Monday, 5 December 2016

Usaha Myanmar Untuk Berdamai Dengan Pemberontak, Jadikan Tiongkok Sebagai Negosiator Perdamaian


Empat kelompok pemberontak di negara bagian Shan yang bergolak di Myanmar, pada Senin 5 Desember, menyerukan Tiongkok menengahi situasi untuk mengakhiri bentrokan. Seruan itu muncul setelah pemerintah menyatakan bahwa sebuah kota besar di negara bagian tersebut telah berada di bawah kendali militer.

Sebuah pernyataan bersama oleh pasukan gabungan dari Aliansi Utara menuntut militer menghentikan serangan dengan segera dan menarik pasukan dari wilayah etnis di seluruh negeri.

"Karena sebagian besar pertempuran berlangsung di daerah perbatasan Myanmar-Tiongkok, kami ingin mediasi secepatnya pemerintah Tiongkok untuk mengakhiri pertempuran dan membawa stabilitas perbatasan," demikian bunyi pernyataan tersebut yang dilansir Anadolu, Senin (5/12/2016). Ditambahkan bahwa aliansi itu siap mengakhiri pertempuran dan memulai negosiasi politik, hingga secara adil dan tulus pemerintah bisa mengambil bagian.
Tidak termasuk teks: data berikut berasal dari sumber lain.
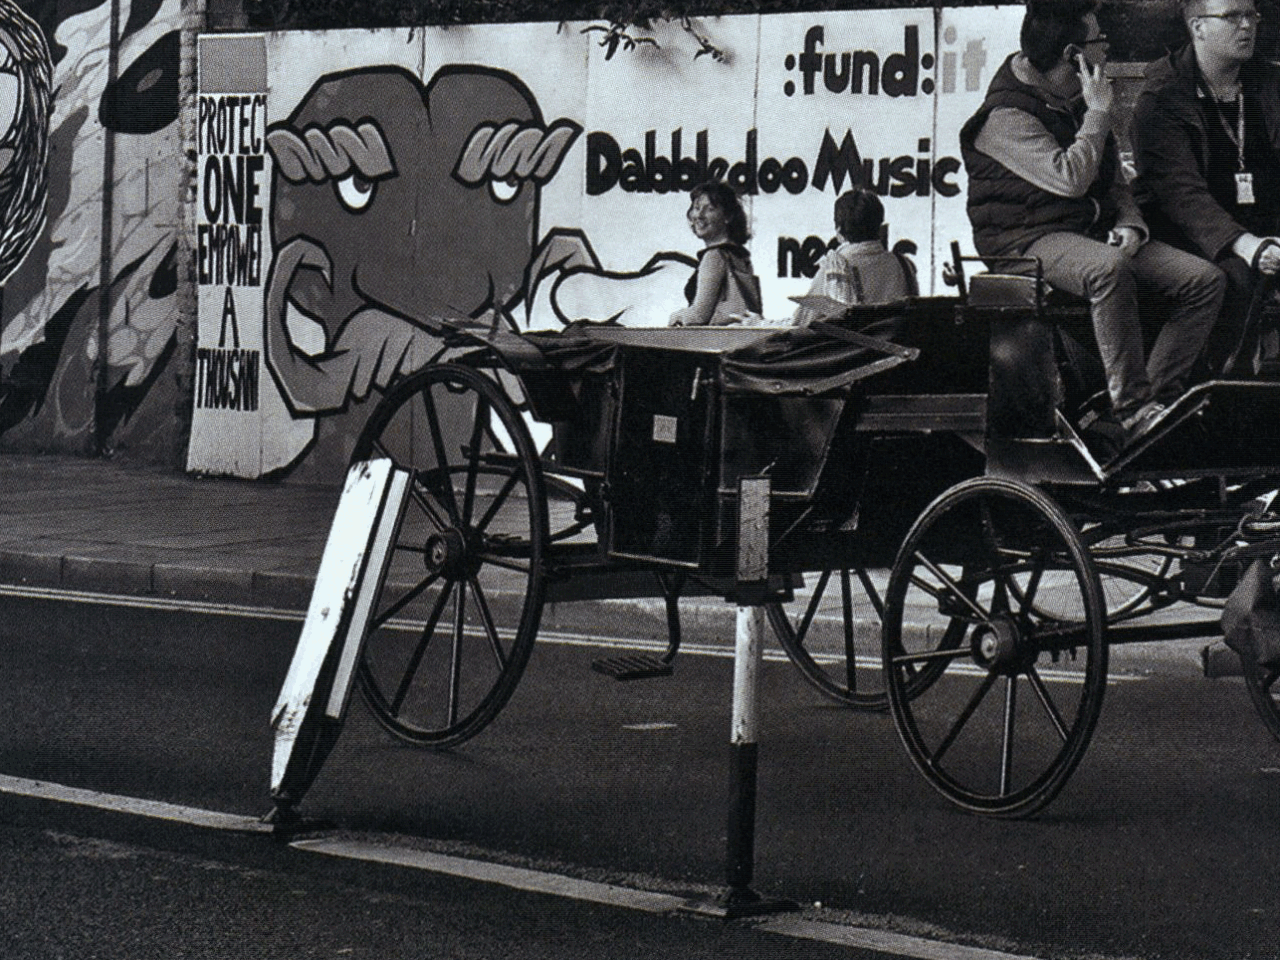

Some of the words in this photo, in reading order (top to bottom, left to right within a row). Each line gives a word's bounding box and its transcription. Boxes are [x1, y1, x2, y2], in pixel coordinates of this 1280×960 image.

[204, 155, 264, 224] ONE
[586, 127, 808, 196] Dabbledoo
[811, 127, 962, 198] Music
[219, 287, 239, 347] A
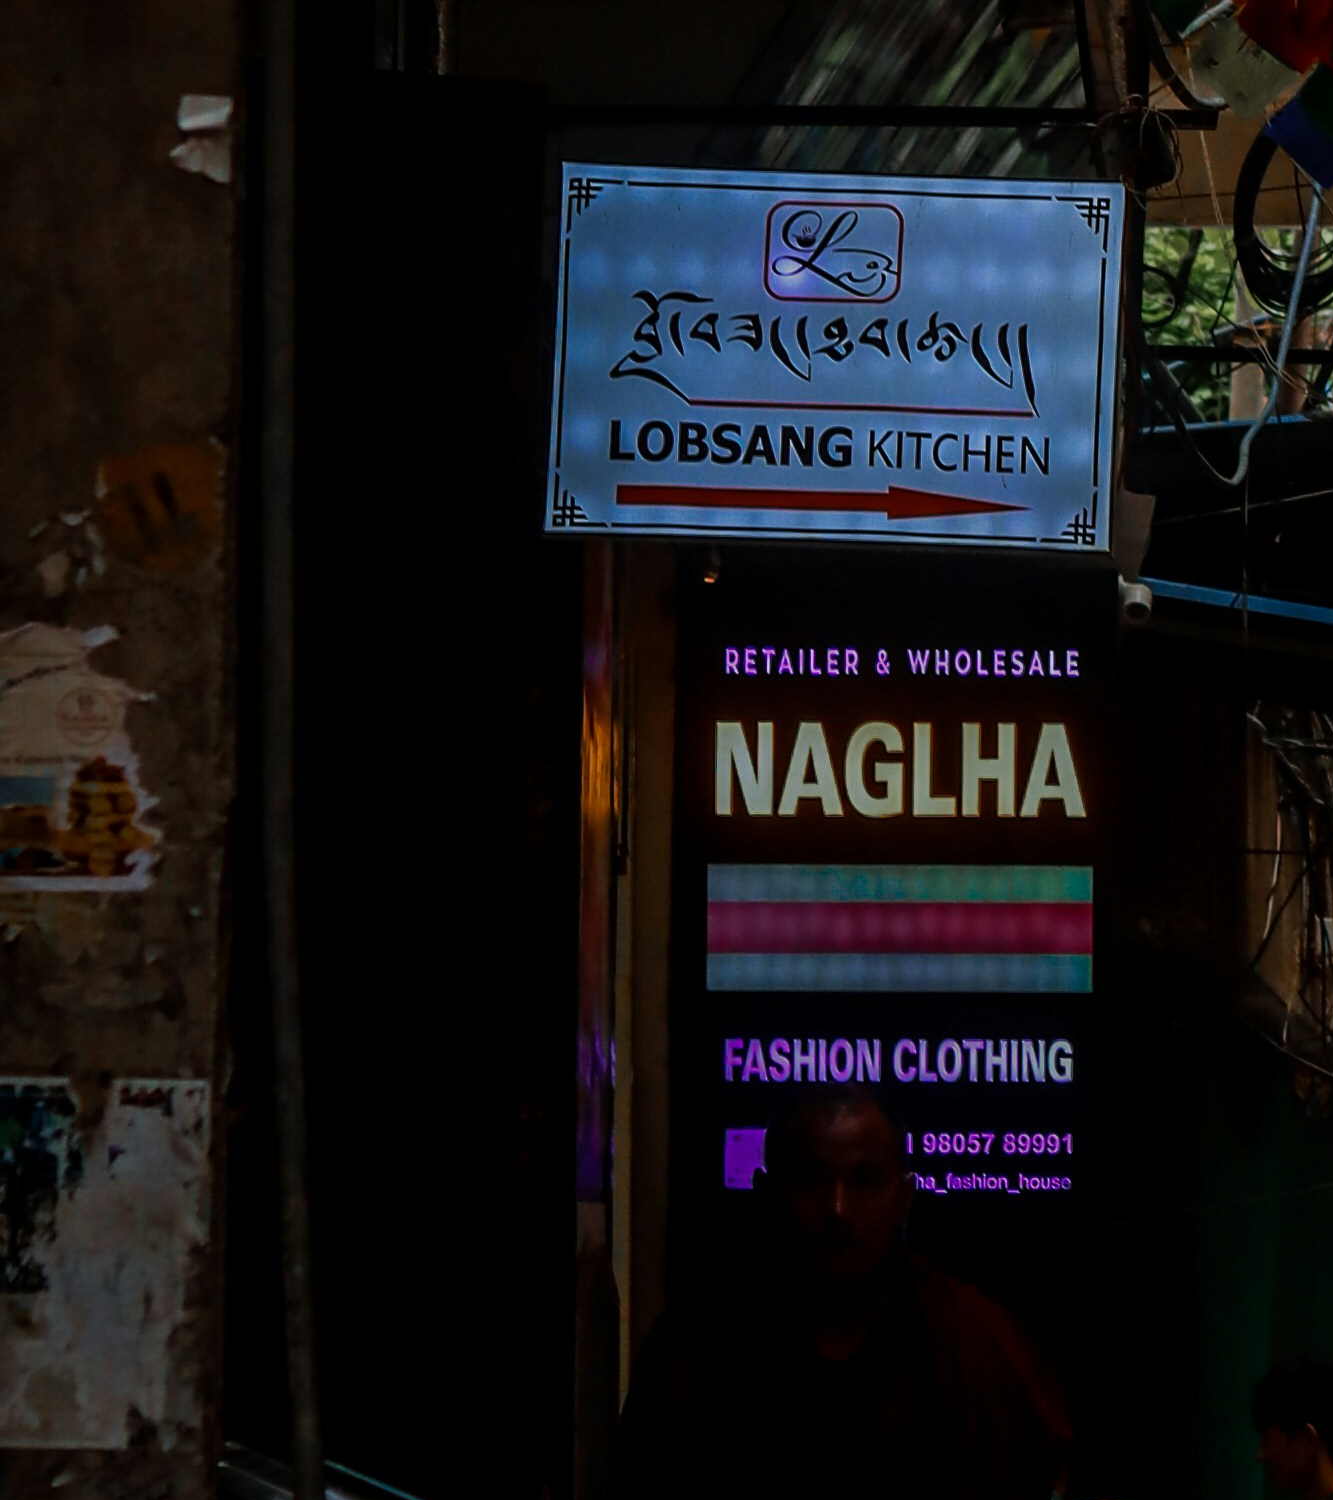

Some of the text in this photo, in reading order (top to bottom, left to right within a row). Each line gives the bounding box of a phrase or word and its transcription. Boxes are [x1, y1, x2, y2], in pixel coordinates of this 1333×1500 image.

[610, 420, 1051, 475] LOBSANG KITCHEN
[724, 645, 1082, 679] RETAILER & WHOLESALE
[714, 719, 1088, 820] NAGLHA
[724, 1036, 1075, 1084] FASHION CLOTHING
[922, 1131, 995, 1155] 98057
[1002, 1132, 1074, 1155] 89991
[914, 1172, 1073, 1194] ha_fashion_house
Pada Minggu 4 Desember, pemerintah mengumumkan bahwa kota strategis Mongkoe di timur laut Shan, yang telah diserang oleh pemberontak selama dua pekan, telah berhasil dikendalikan.
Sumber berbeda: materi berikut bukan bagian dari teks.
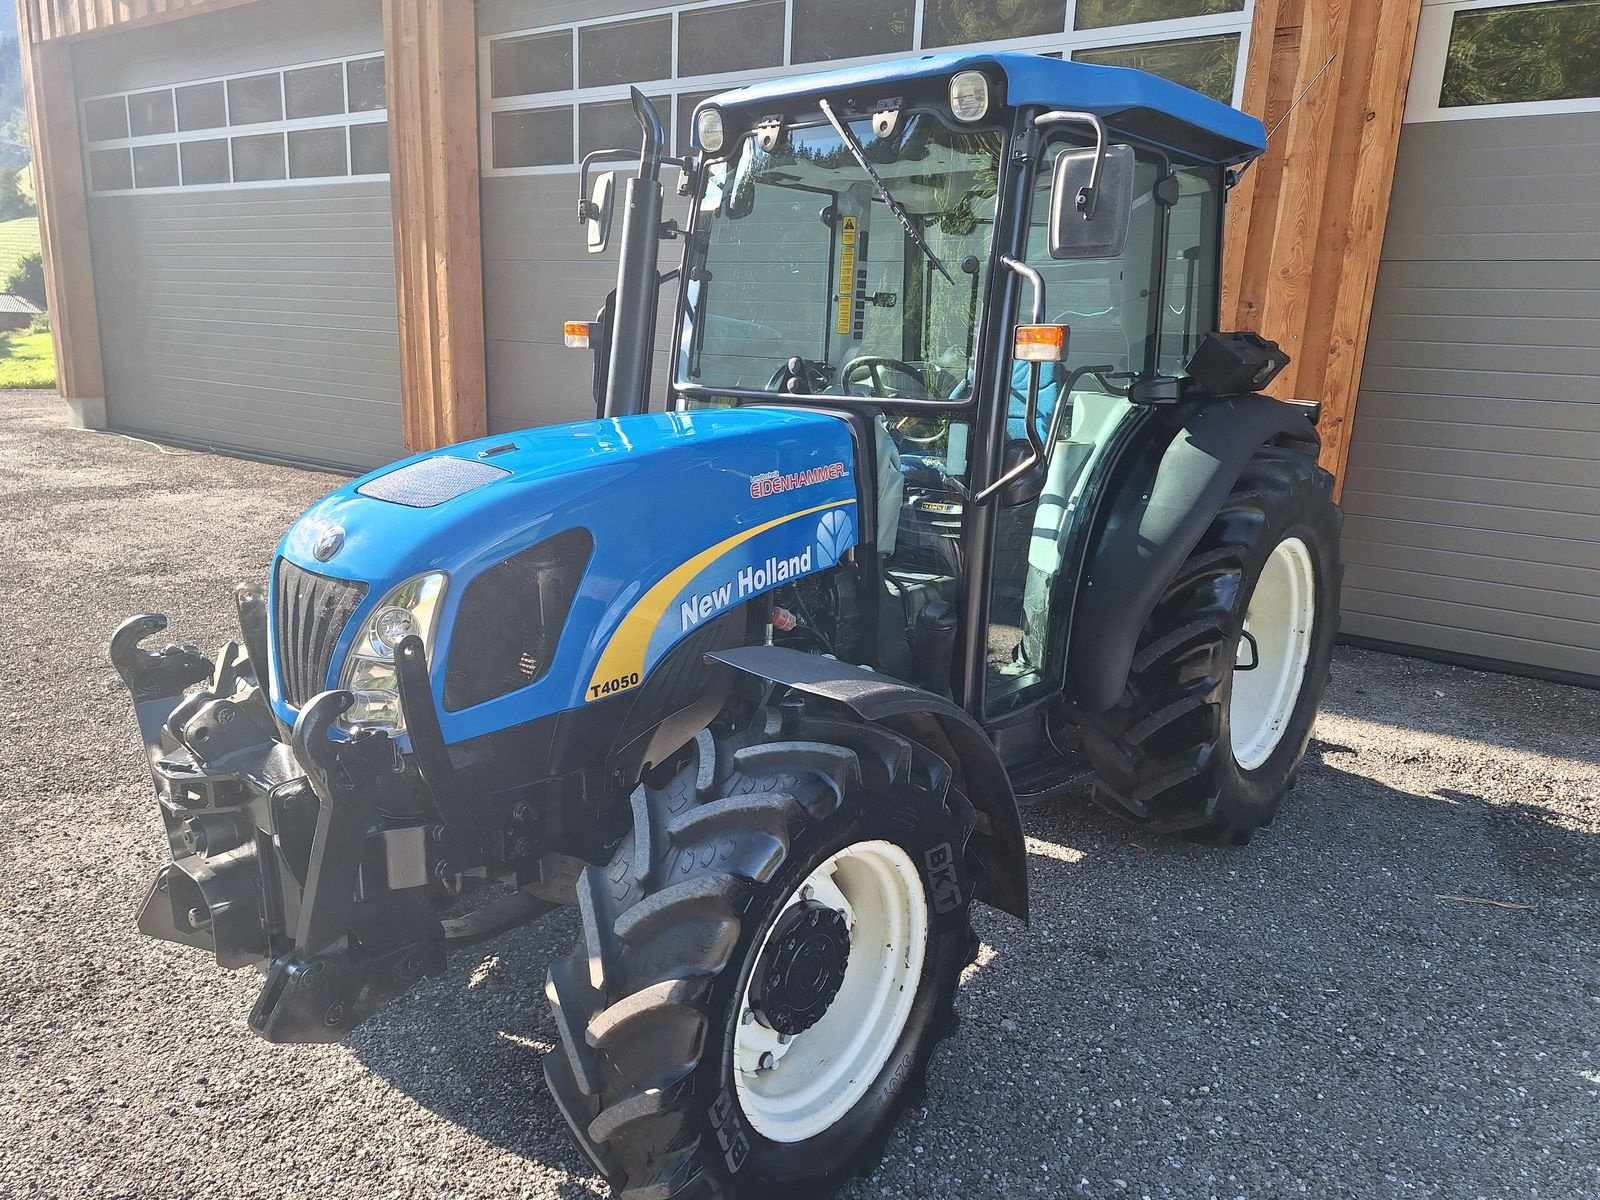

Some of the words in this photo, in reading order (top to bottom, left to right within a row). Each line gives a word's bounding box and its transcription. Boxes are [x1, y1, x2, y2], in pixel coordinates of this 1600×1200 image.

[750, 462, 844, 499] EIDENHAMMER
[680, 581, 733, 632] New
[737, 545, 812, 599] Holland
[590, 672, 639, 698] T4050
[924, 842, 962, 913] BKT
[707, 1087, 750, 1173] BKT
Kantor Penasihat Komite Informasi Negara mengatakan bahwa pasukan gabungan dari Aliansi Utara-Tentara Pembebasan Kachin (KIA), Tentara Pembebasan Nasional Ta'ang (TNLA), Aliansi Angkatan Bersenjata Nasional Demokratik Myanmar (MNDAA) dan Angkatan Bersenjata Arakan (AA) telah ditarik dari daerah itu setelah pasukan pemerintah melawan dengan menggunakan helikopter militer dan persenjataan berat.

Dalam pernyataan mereka, para pemberontak mendesak pemerintah menyatakan gencatan senjata tingkat nasional untuk mengakhiri konflik bersenjata di Shan yang meletus 20 November ketika empat kelompok pemberontak bersama-sama menyerang pos-pos pemeriksaan militer, kantor polisi, dan zona perdagangan di perbatasan timur negara itu dengan Tiongkok.
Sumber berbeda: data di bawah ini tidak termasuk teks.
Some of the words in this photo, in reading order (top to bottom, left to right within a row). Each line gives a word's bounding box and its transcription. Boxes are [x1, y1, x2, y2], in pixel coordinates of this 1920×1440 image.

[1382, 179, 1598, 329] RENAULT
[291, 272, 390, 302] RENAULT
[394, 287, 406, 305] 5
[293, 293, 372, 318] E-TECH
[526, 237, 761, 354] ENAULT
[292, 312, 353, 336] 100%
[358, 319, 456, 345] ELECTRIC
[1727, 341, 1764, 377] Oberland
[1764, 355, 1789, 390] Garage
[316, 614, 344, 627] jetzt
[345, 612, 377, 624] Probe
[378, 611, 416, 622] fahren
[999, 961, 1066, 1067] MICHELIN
Sejak itu, 14 orang tewas di daerah tersebut, sekitar 50 korban terluka, ribuan penduduk telah mengungsi dan sekitar 3.000 melarikan diri ke Tiongkok demi menghindari pertempuran.

Pekan lalu, Myanmar dan Tiongkok membahas pertempuran yang sedang berlangsung di daerah perbatasan, koridor perdagangan utama bagi kedua negara. Sebuah delegasi Myanmar dengan sembilan anggota yang dipimpin oleh ketua Komisi Perdamaian, Tin Myo Win, bertemu dengan para pejabat senior Tiongkok termasuk Menteri Luar Negeri Wang Yi di Beijing selama kunjungan tujuh hari.

Kelompok-kelompok yang terlibat dalam bentrokan tidak terdaftar dalam Perjanjian Gencatan Senjata Tingkat Nasional (NCA) yang disponsori pemerintah tahun lalu. Bulan lalu, pemimpin de facto Myanmar Aung San Suu Kyi mendesak kelompok pemberontak untuk bergabung dengan proses perdamaian, mengatakan pemerintah "menjaga pintu perdamaian terbuka demi menyambut semua pemangku kepentingan terkait untuk berpartisipasi".

"Dalam rangka segera mengakhiri konflik bersenjata di timur laut negara bagian Shan, saya sangat mendesak kelompok-kelompok bersenjata untuk bergabung dalam proses perdamaian dengan menandatangani NCA," kata Penasihat Negara, Suu Kyi, dalam sebuah pernyataan, 24 November.

Suu Kyi memperingatkan pemberontak yang mengangkat senjata untuk menyelesaikan isu-isu politik hanya "menyebabkan konflik bersenjata berkepanjangan", dengan penduduk di daerah-daerah yang terkena dampak akan menderita dan tertinggal di belakang perkembangan ekonomi yang dinikmati oleh negara tetangga.

"Senjata tidak akan menyelesaikan masalah atau memberi tujuan yang diinginkan rakyat," katanya, menggambarkan dialog sebagai satu-satunya cara untuk mengakhiri konflik bersenjata negeri itu dan membangun perdamaian abadi.


Myanmar sedang mengatur diadakannya pertemuan kedua Union Peace Conference atau Konferensi Penyatuan Perdamaian yang dinamakan 21st Century Panlong Conference pada Januari 2017.